Li Auto L9リビス、フェラーリやポルシェに挑戦するシャシー技術
Li Autoが新型L9リビスに搭載したワイヤーテクノロジーシャシーとアクティブサスペンションが、ファミリーSUVでフェラーリやポルシェの操縦性能に挑戦。計算力で経験に対抗する新たなアプローチ。
Li Auto CEOが宣言、L9リビスでフェラーリやポルシェと対抗
Li Auto(リ・オート)のCEO、リー・シアンがWeiboで投稿した一言が、自動車業界に波紋を広げている。「究極の操縦性能において、私たちのチームが目標としたのはフェラーリのFUVプロサンゲと新型電動ポルシェカイエンターボだ」というのだ。車重が3トン近くに達するファミリー向け大型SUV「L9リビス」が、スポーティな操縦性能で欧州の高級車と張り合うとは、多くの人が聞き流せない主張だ。

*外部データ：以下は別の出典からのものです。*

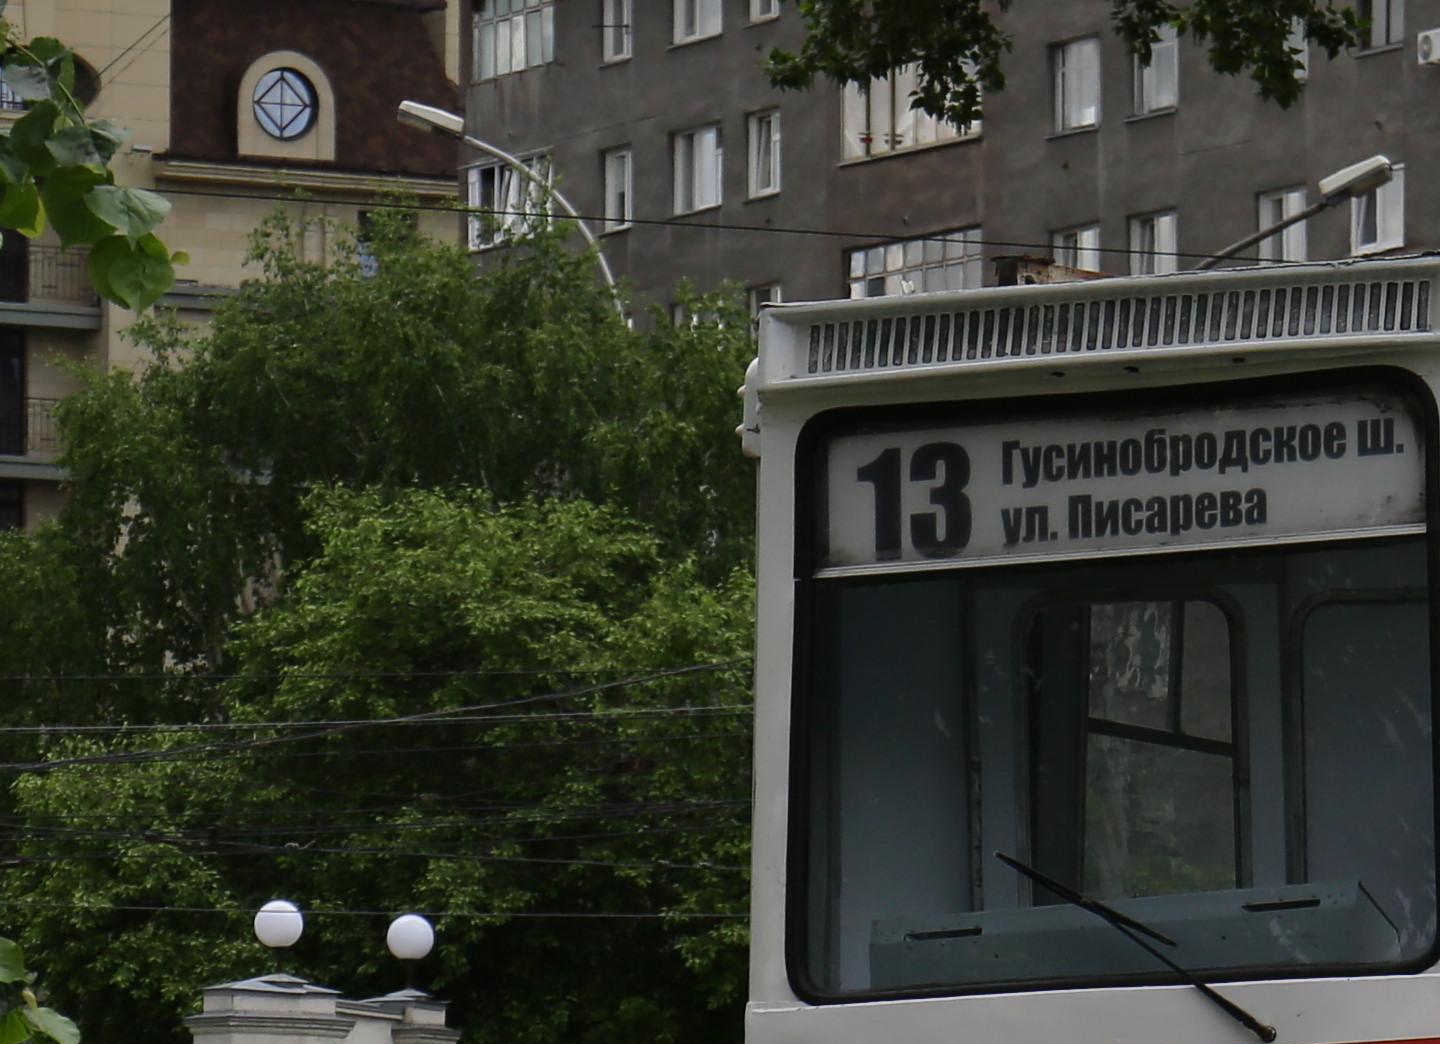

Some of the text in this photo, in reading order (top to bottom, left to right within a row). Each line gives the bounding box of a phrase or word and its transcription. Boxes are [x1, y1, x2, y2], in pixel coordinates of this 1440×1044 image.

リー・シアンは説得力を増すため、L9リビスと現行モデルの比較動画も公開した。これらの動画では、連続するでこぼこの路面で新型L9リビスの車体がほぼ地面を這うように安定する様子が示され、緊急回避やスラロームでは車体制御が驚異的に向上していることが強調されている。一方、2025年モデルのL9は激しく揺れる様子が映し出され、両者の違いが際立っている。
ワイヤーテクノロジーシャシーで実現する「快適」と「スポーティ」の両立
これまで、シャシーエンジニアたちはサスペンションダンパーのチューニングで、快適性とスポーティさのバランスを探求してきた。高速コーナリングには剛性が必要で、振動吸収には固さが求められるが、家族全員が快適に座るためには柔らかさも必要だ。この難題を解くには、ヨーロッパの老舗メーカーのように何世代にもわたる蓄積とテストが不可欠だった。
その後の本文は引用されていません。